- WORK INSTRUCTIONS -
Give the line containing "this 1333×1500 image." again, exactly, along with all later lines of the entries, through the last one.

_ _ _ _

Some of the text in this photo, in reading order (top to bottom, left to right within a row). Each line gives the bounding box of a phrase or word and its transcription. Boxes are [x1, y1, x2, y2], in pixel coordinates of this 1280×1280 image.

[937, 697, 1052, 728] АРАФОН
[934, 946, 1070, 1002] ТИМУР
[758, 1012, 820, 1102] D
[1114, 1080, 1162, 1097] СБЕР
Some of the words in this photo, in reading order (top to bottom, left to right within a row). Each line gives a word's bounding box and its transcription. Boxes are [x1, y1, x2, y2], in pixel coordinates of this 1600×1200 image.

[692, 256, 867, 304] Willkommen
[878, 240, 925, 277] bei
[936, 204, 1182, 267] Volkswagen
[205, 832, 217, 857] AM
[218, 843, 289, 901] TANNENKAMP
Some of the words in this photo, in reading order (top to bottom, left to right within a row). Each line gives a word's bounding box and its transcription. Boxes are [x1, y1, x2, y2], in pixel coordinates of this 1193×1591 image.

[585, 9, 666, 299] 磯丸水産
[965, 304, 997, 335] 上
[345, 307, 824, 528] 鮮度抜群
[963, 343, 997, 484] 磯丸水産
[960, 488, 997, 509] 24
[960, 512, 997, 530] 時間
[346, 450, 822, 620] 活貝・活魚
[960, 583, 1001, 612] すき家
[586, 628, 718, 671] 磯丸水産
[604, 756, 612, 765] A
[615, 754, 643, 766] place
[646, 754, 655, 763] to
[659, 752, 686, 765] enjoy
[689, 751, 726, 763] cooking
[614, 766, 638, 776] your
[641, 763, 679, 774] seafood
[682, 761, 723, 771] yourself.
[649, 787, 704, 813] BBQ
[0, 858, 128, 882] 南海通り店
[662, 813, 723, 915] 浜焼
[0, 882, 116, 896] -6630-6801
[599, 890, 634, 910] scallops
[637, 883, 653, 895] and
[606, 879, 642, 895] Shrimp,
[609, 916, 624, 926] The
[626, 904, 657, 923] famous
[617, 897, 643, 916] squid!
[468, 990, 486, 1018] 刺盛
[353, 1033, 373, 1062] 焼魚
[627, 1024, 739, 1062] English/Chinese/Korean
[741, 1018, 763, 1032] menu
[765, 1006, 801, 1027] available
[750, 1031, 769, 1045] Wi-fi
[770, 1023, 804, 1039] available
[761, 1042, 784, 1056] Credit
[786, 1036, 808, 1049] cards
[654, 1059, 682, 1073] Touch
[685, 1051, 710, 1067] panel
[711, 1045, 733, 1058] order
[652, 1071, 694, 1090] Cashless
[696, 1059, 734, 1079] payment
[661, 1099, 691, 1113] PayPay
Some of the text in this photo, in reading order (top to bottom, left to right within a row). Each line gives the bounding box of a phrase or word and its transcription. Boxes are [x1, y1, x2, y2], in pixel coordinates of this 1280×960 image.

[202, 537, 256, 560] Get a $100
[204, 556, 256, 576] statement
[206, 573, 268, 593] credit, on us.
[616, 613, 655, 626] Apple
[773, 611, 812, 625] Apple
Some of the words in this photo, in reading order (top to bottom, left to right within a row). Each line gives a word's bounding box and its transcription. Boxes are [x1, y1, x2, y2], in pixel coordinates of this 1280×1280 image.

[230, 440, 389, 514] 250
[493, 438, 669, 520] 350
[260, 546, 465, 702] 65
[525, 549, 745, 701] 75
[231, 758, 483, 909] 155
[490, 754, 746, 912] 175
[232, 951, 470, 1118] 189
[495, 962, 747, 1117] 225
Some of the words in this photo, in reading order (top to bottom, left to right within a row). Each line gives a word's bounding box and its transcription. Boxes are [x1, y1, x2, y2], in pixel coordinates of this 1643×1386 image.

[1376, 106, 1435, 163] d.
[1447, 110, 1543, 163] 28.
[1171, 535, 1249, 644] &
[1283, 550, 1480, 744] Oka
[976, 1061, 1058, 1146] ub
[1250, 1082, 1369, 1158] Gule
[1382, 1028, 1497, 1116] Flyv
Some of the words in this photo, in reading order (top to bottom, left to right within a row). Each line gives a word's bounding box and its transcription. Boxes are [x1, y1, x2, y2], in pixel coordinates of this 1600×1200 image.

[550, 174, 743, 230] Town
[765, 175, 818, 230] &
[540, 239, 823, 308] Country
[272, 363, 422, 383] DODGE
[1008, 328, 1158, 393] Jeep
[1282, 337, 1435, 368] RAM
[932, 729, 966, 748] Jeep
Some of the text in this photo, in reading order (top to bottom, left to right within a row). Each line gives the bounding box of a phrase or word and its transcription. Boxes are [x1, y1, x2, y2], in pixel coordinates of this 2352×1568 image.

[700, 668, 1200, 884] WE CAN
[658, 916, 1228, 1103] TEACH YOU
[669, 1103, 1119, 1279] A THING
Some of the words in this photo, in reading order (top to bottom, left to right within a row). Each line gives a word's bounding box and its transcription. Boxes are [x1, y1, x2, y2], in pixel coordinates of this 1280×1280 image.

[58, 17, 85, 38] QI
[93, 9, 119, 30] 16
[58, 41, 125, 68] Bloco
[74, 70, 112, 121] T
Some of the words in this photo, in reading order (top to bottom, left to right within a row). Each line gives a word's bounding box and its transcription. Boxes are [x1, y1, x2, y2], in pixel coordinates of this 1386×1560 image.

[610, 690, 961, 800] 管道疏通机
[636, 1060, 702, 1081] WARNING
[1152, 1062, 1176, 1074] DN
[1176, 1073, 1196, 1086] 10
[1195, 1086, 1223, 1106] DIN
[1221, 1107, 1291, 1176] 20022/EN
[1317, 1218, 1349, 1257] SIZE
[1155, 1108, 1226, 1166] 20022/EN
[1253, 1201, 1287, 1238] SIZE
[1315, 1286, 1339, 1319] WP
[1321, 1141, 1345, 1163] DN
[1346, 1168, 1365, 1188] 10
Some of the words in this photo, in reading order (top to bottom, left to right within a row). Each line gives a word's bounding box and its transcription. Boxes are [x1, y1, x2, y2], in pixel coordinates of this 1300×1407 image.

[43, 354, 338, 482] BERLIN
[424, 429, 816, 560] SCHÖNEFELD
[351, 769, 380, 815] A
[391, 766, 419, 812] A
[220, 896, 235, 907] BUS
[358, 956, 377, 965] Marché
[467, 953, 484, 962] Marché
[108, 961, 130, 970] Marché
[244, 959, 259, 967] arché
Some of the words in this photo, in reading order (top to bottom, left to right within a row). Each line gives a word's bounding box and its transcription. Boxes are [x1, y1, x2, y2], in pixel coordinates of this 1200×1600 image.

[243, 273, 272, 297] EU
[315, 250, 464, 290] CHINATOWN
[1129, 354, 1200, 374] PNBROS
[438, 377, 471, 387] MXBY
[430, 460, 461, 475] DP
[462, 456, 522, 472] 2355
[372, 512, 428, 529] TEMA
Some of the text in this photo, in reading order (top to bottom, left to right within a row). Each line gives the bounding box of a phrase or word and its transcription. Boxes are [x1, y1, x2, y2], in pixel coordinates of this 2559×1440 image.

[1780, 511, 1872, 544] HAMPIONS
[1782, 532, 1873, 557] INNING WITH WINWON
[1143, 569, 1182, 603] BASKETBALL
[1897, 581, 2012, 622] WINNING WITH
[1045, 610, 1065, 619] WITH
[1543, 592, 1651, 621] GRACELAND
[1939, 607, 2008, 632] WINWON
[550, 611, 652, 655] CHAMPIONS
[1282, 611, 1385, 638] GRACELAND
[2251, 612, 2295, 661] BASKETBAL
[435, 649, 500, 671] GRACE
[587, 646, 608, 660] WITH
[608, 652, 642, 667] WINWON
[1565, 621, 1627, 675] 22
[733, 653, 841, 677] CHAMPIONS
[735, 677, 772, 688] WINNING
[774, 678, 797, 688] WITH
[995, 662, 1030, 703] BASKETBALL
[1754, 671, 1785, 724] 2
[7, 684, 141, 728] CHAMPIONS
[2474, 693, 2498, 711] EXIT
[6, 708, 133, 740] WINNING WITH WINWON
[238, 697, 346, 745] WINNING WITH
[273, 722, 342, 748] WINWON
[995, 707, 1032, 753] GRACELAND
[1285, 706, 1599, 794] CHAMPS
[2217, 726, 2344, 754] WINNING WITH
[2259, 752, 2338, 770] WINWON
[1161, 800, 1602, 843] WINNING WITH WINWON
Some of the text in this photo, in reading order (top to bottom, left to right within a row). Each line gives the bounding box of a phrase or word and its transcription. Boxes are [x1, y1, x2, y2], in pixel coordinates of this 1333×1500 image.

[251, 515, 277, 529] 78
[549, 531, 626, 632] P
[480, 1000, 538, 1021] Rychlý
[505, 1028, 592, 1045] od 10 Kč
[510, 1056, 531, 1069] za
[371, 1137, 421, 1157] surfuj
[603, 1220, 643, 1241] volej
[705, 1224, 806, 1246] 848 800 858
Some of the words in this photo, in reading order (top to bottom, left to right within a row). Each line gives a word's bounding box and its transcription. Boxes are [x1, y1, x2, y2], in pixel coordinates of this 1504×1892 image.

_ _ _ _

- TASK SOLUTION -
Some of the text in this photo, in reading order (top to bottom, left to right within a row). Each line gives the bounding box of a phrase or word and its transcription. Boxes are [x1, y1, x2, y2], in pixel coordinates of this 1333×1500 image.

[251, 515, 277, 529] 78
[549, 531, 626, 632] P
[480, 1000, 538, 1021] Rychlý
[505, 1028, 592, 1045] od 10 Kč
[510, 1056, 531, 1069] za
[371, 1137, 421, 1157] surfuj
[603, 1220, 643, 1241] volej
[705, 1224, 806, 1246] 848 800 858
Some of the words in this photo, in reading order (top to bottom, left to right within a row). Each line gives a word's bounding box and its transcription. Boxes are [x1, y1, x2, y2], in pixel coordinates of this 1504×1892 image.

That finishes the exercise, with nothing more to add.